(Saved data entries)

---

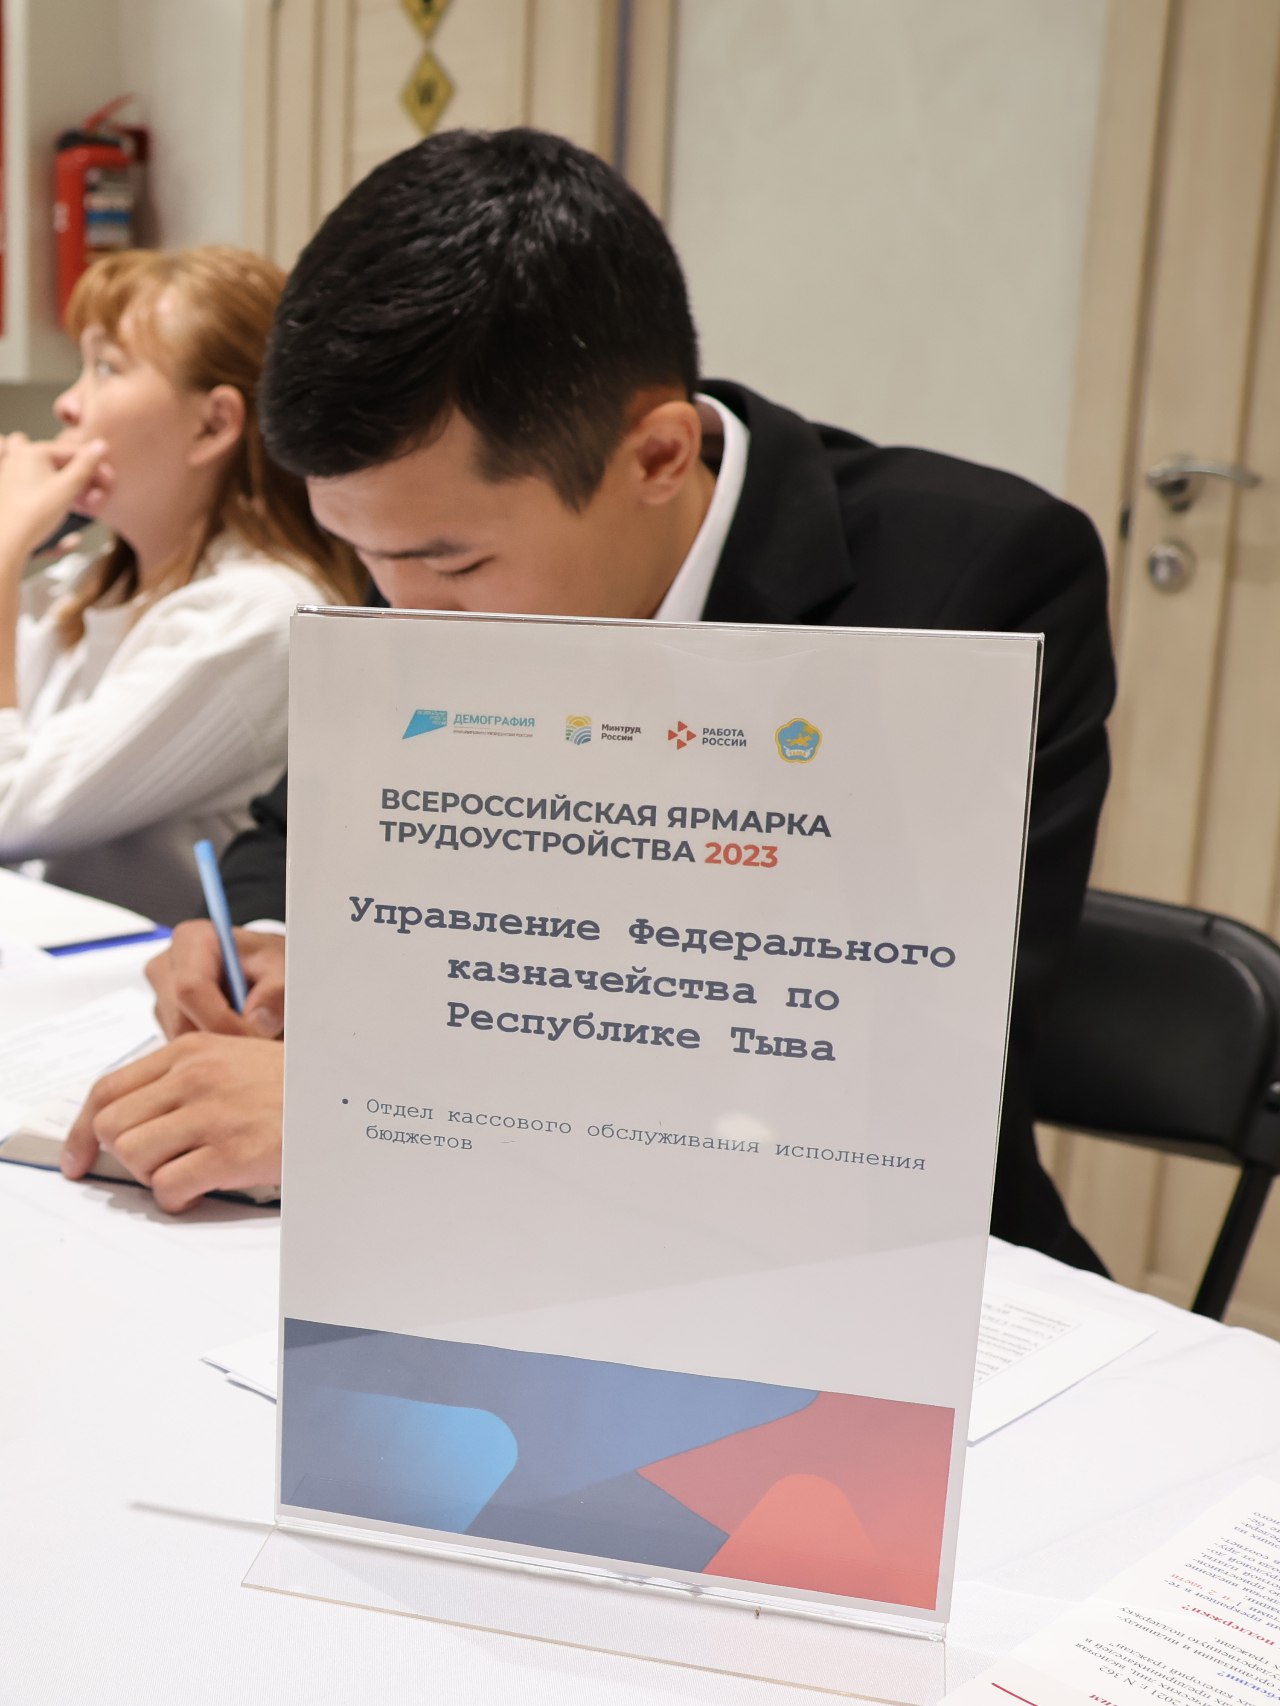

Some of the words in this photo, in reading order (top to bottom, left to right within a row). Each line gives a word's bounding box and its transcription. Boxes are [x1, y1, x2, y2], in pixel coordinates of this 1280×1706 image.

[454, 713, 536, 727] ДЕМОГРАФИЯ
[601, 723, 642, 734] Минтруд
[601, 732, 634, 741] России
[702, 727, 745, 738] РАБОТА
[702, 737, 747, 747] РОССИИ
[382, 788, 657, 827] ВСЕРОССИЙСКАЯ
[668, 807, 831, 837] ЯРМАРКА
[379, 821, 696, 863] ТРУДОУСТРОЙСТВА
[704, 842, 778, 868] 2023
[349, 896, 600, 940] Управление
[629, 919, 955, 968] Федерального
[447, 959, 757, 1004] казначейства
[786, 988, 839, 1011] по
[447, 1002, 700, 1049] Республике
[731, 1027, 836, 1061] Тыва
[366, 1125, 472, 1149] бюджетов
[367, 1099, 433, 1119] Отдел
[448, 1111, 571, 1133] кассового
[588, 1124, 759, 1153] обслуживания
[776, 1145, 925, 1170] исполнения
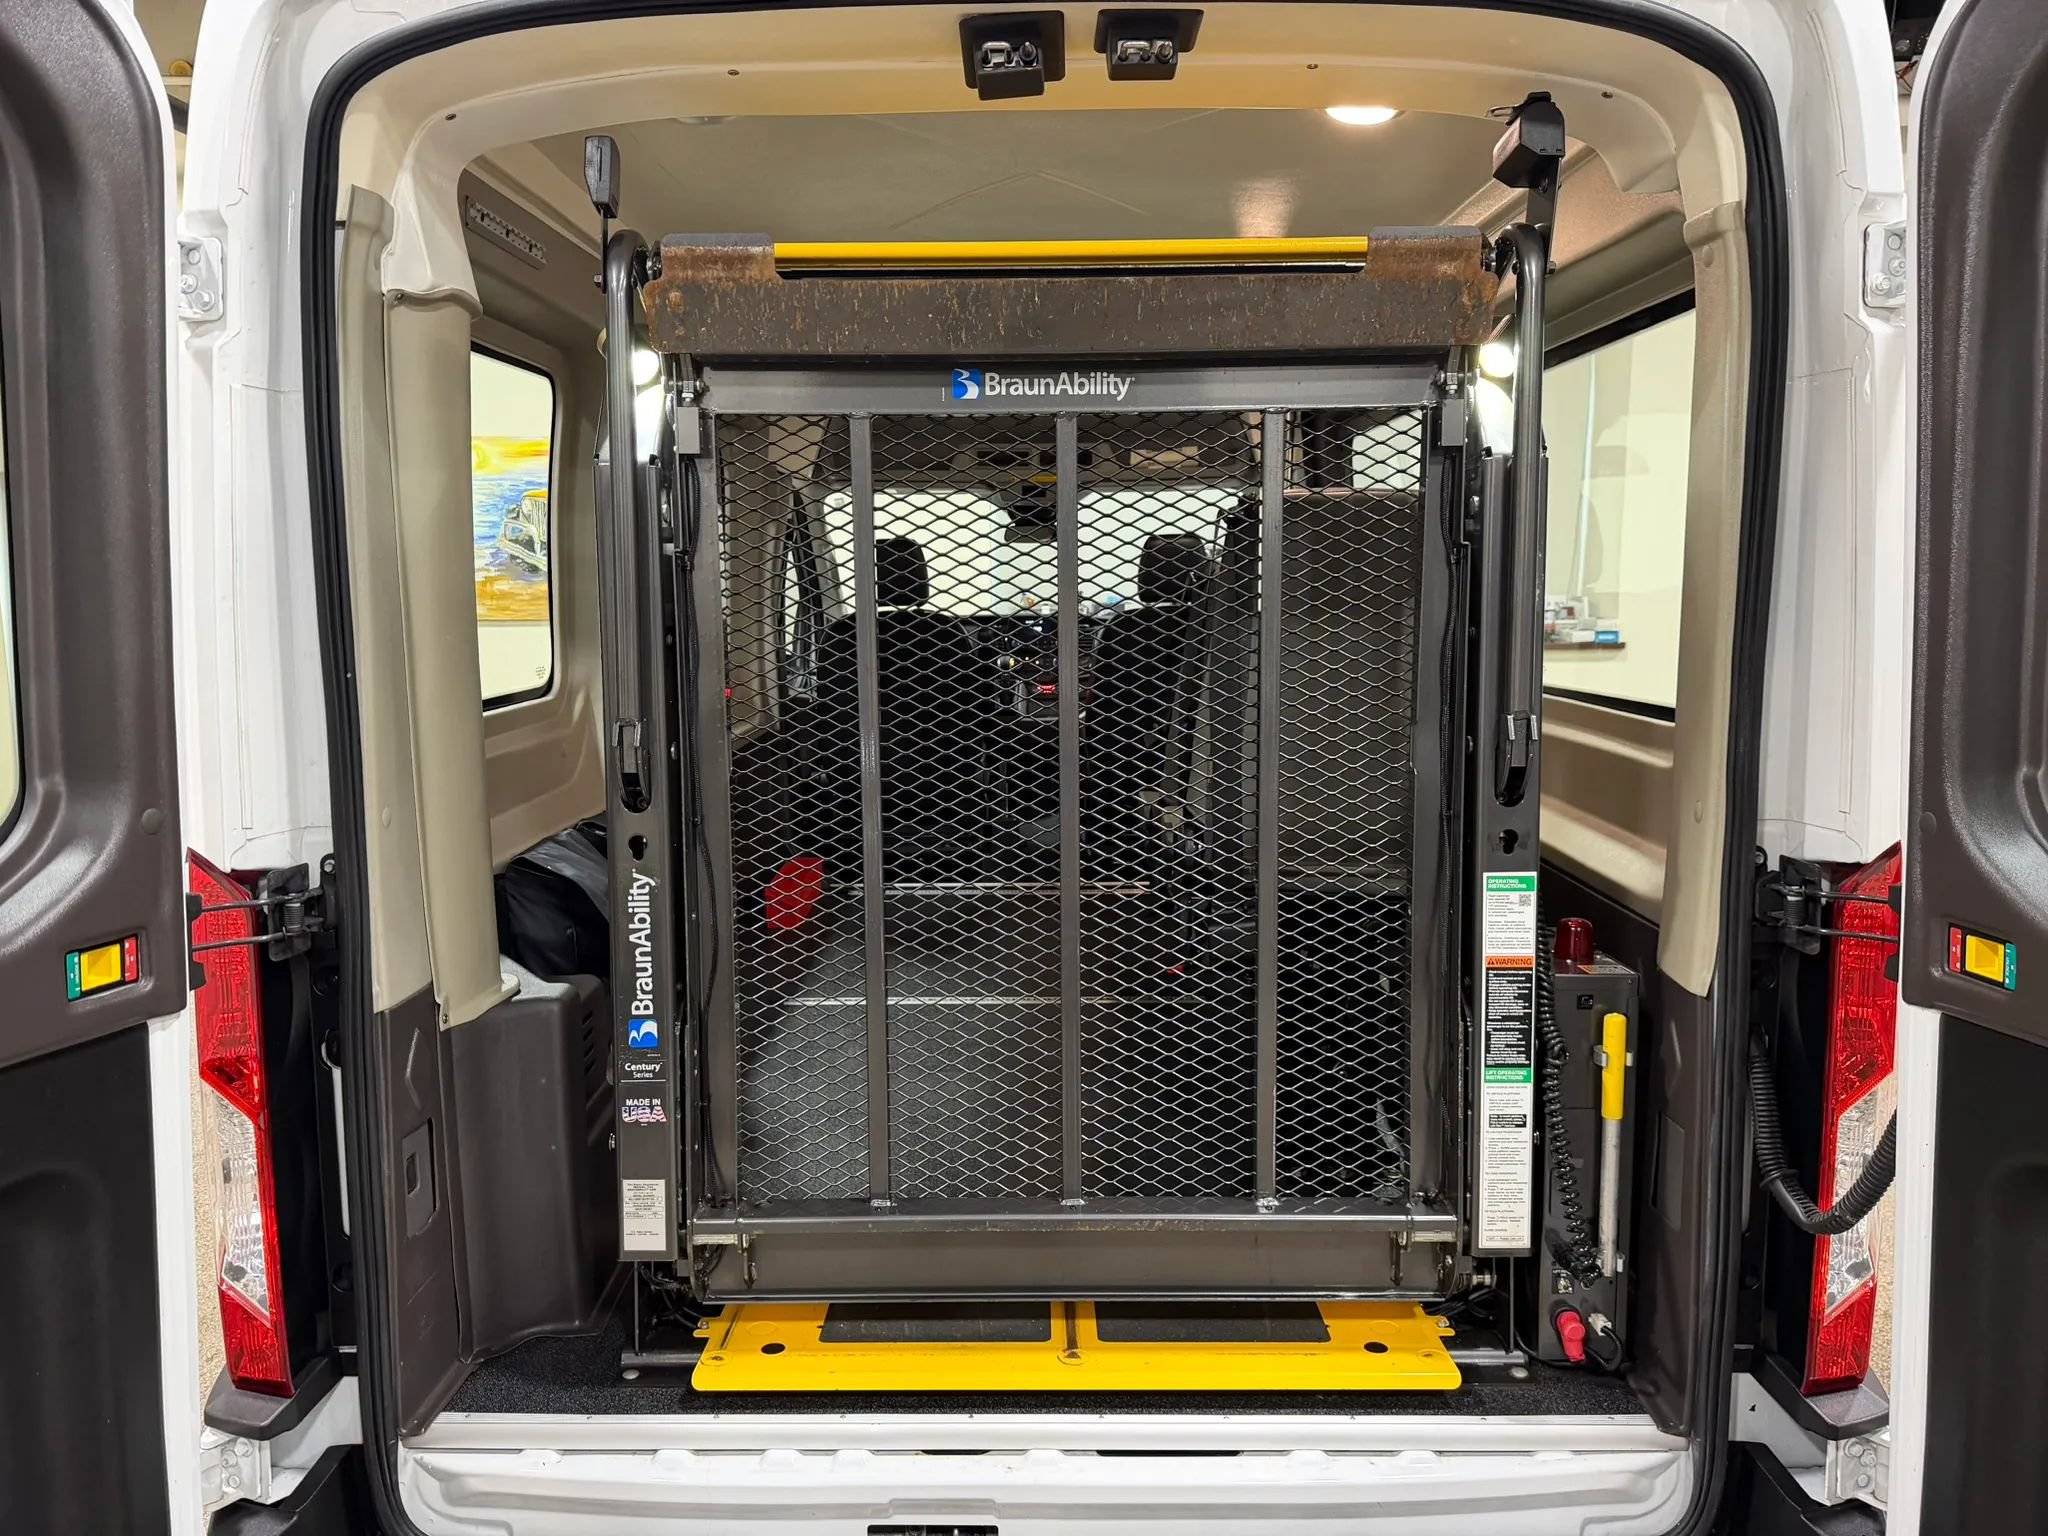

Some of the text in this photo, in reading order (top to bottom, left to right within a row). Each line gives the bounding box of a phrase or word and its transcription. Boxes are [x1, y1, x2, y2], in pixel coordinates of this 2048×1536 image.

---

Your job is to transcribe the entries above exactly; skip the pictures.

**WORKED SOLUTION**
Some of the words in this photo, in reading order (top to bottom, left to right within a row). Each line gives a word's bounding box and its transcription. Boxes are [x1, y1, x2, y2], in pixel coordinates of this 1280×1706 image.

[454, 713, 536, 727] ДЕМОГРАФИЯ
[601, 723, 642, 734] Минтруд
[601, 732, 634, 741] России
[702, 727, 745, 738] РАБОТА
[702, 737, 747, 747] РОССИИ
[382, 788, 657, 827] ВСЕРОССИЙСКАЯ
[668, 807, 831, 837] ЯРМАРКА
[379, 821, 696, 863] ТРУДОУСТРОЙСТВА
[704, 842, 778, 868] 2023
[349, 896, 600, 940] Управление
[629, 919, 955, 968] Федерального
[447, 959, 757, 1004] казначейства
[786, 988, 839, 1011] по
[447, 1002, 700, 1049] Республике
[731, 1027, 836, 1061] Тыва
[366, 1125, 472, 1149] бюджетов
[367, 1099, 433, 1119] Отдел
[448, 1111, 571, 1133] кассового
[588, 1124, 759, 1153] обслуживания
[776, 1145, 925, 1170] исполнения

Some of the text in this photo, in reading order (top to bottom, left to right within a row). Each line gives the bounding box of a phrase or word and its transcription. Boxes are [x1, y1, x2, y2], in pixel coordinates of this 2048×1536 image.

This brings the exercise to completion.